● **Given records**
*****
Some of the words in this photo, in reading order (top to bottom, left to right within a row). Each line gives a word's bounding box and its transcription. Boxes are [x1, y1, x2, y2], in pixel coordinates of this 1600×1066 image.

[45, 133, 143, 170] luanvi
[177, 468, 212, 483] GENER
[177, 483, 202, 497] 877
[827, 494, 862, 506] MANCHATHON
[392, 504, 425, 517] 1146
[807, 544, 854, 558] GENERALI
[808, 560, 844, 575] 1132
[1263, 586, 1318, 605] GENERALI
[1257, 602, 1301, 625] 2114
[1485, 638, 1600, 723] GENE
*****
● **Exercise prompt**
Write the records above out again precisely.

● **Your solution**
Some of the words in this photo, in reading order (top to bottom, left to right within a row). Each line gives a word's bounding box and its transcription. Boxes are [x1, y1, x2, y2], in pixel coordinates of this 1600×1066 image.

[45, 133, 143, 170] luanvi
[177, 468, 212, 483] GENER
[177, 483, 202, 497] 877
[827, 494, 862, 506] MANCHATHON
[392, 504, 425, 517] 1146
[807, 544, 854, 558] GENERALI
[808, 560, 844, 575] 1132
[1263, 586, 1318, 605] GENERALI
[1257, 602, 1301, 625] 2114
[1485, 638, 1600, 723] GENE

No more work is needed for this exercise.